[[ Supplied records, beginning ]]
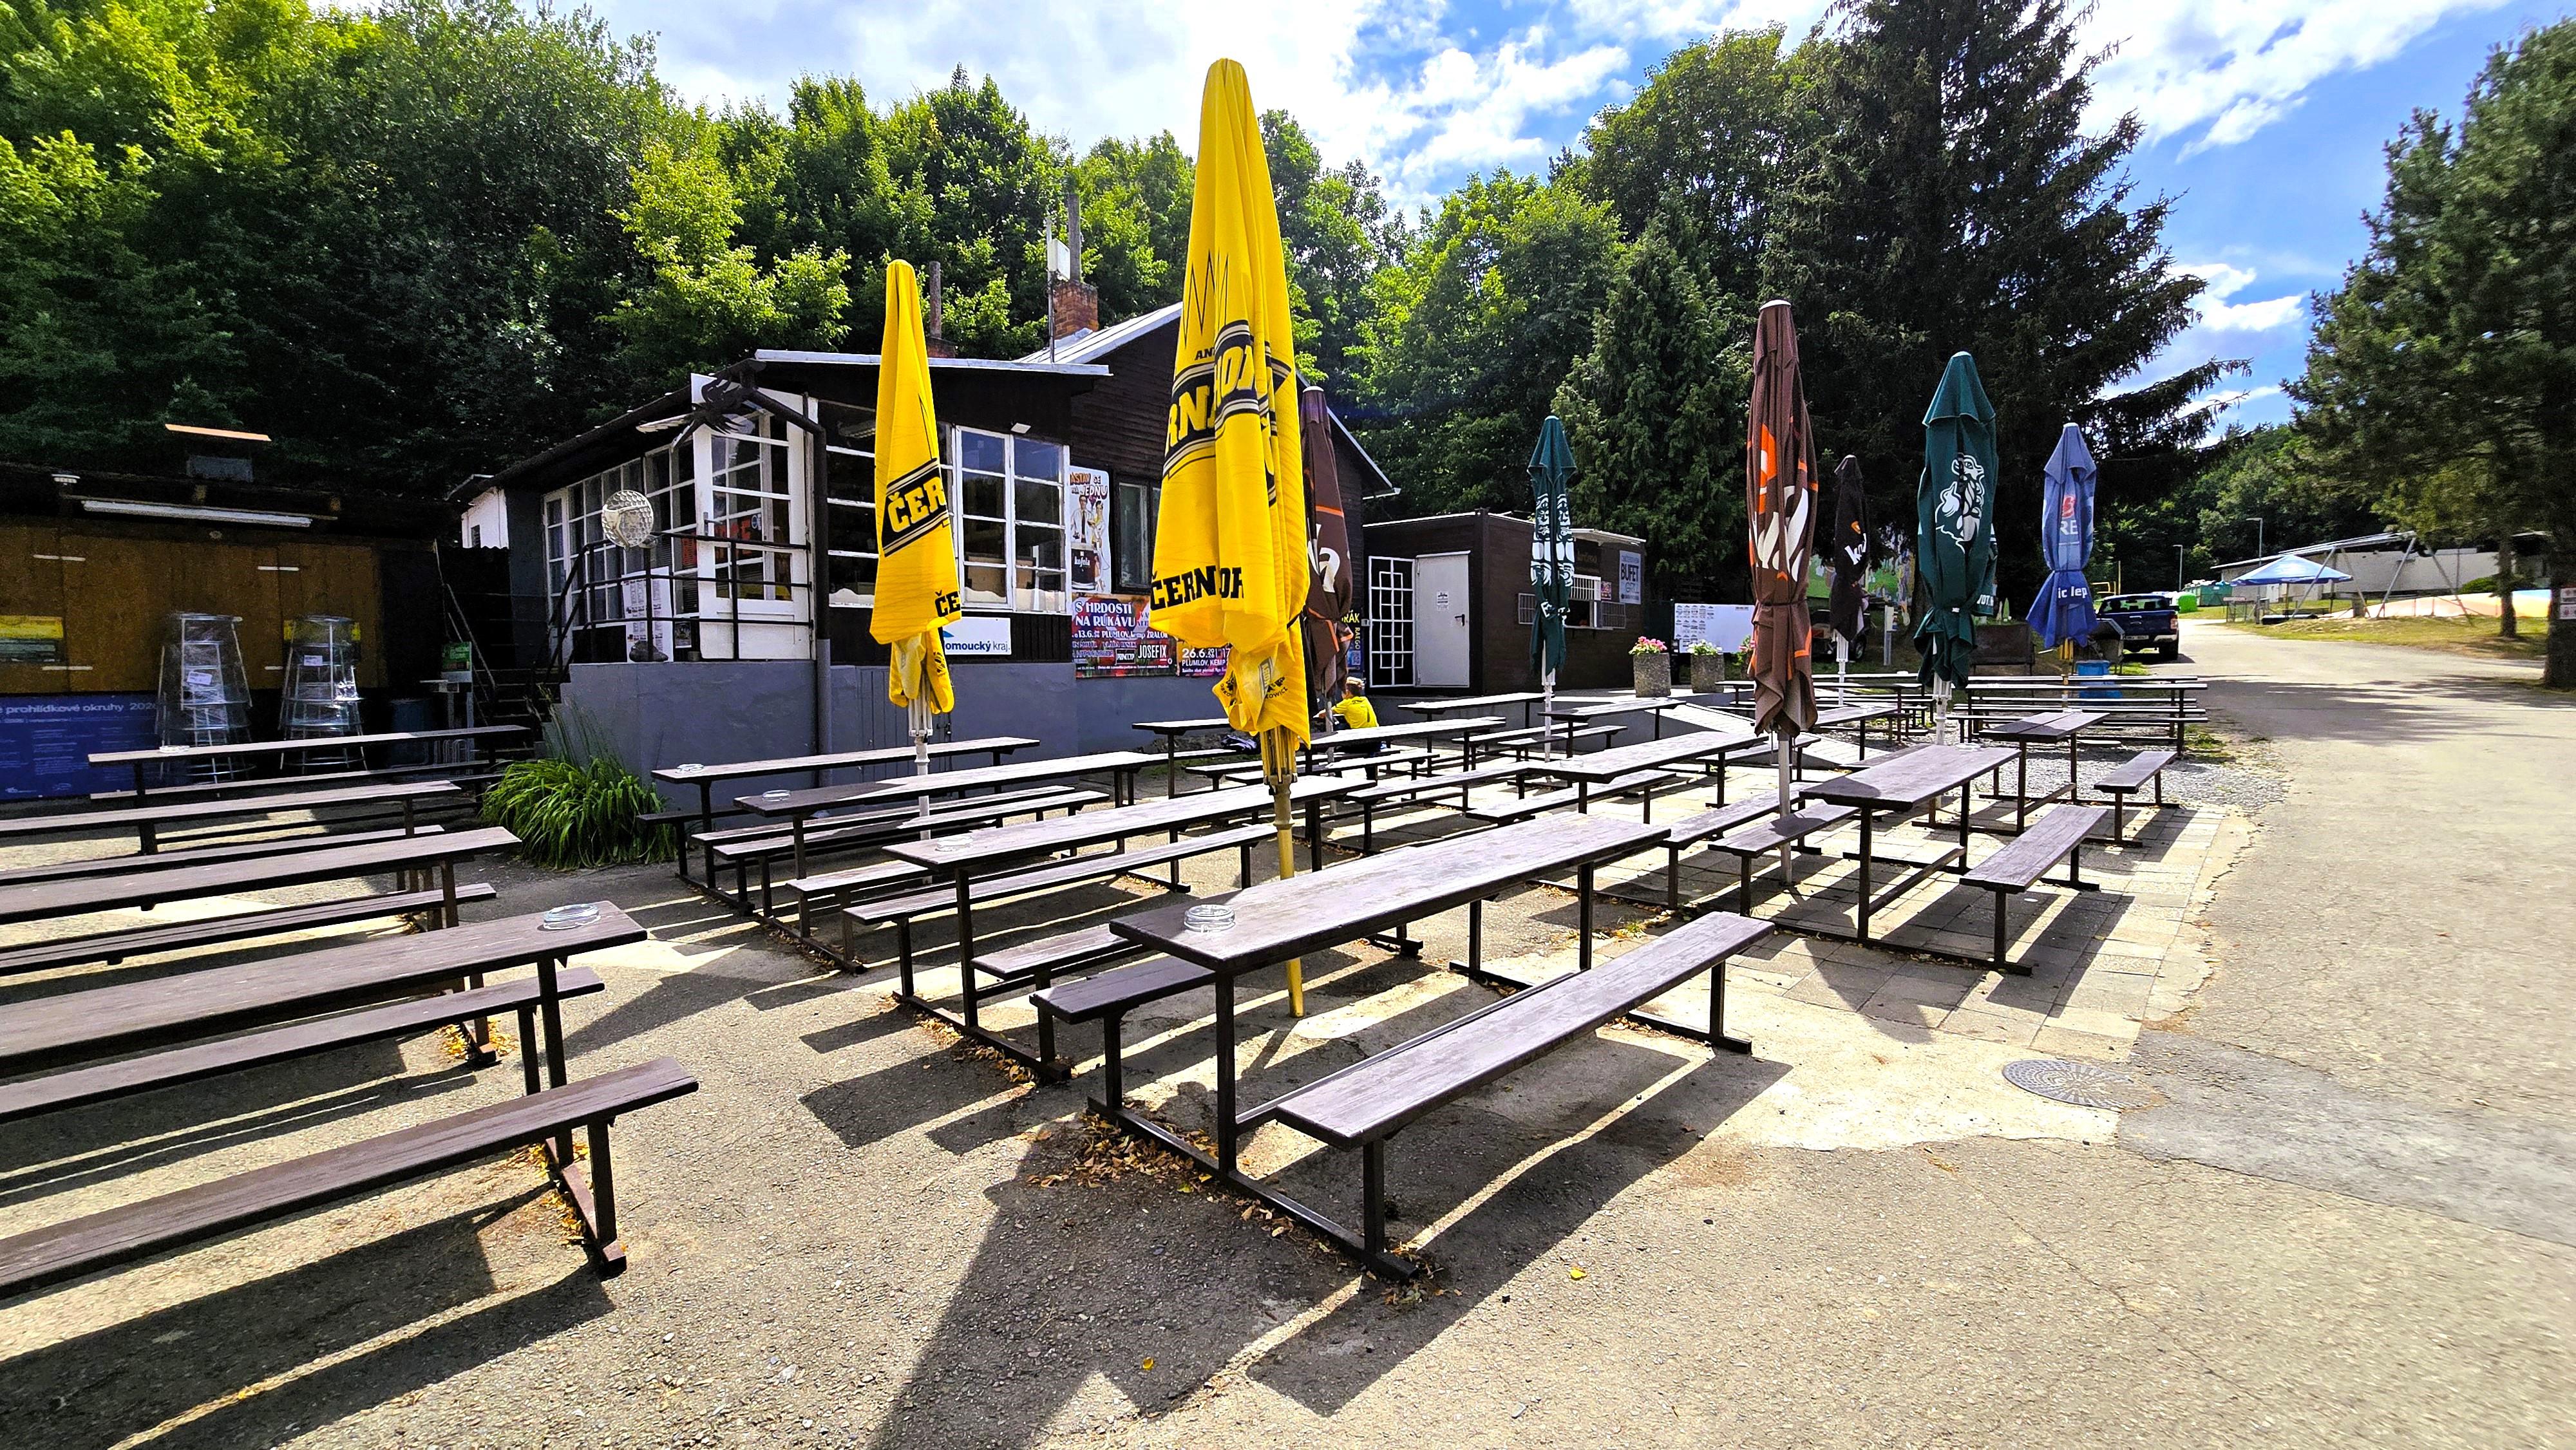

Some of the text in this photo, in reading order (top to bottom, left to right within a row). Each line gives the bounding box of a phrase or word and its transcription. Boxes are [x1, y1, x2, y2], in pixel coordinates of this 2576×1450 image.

[1070, 472, 1091, 485] ASTAV
[1080, 484, 1108, 500] JEDNU
[887, 476, 947, 533] ČER
[1621, 563, 1639, 582] BUFET
[1150, 565, 1217, 611] ČERN
[2058, 585, 2088, 599] ic lep
[934, 590, 961, 618] ČE
[1075, 601, 1132, 614] S HRDOSTÍ
[1075, 616, 1090, 626] NA
[1094, 614, 1135, 627] RUKÁVU
[945, 641, 991, 652] omoucký
[1138, 645, 1167, 659] JOSEFIX
[82, 702, 124, 712] okruhy
[[ Supplied records, end ]]
What the task requires
Before printing the records again, strip out the pictures; change nothing else.

Answer below
Some of the text in this photo, in reading order (top to bottom, left to right within a row). Each line gives the bounding box of a phrase or word and its transcription. Boxes are [x1, y1, x2, y2], in pixel coordinates of this 2576×1450 image.

[1070, 472, 1091, 485] ASTAV
[1080, 484, 1108, 500] JEDNU
[887, 476, 947, 533] ČER
[1621, 563, 1639, 582] BUFET
[1150, 565, 1217, 611] ČERN
[2058, 585, 2088, 599] ic lep
[934, 590, 961, 618] ČE
[1075, 601, 1132, 614] S HRDOSTÍ
[1075, 616, 1090, 626] NA
[1094, 614, 1135, 627] RUKÁVU
[945, 641, 991, 652] omoucký
[1138, 645, 1167, 659] JOSEFIX
[82, 702, 124, 712] okruhy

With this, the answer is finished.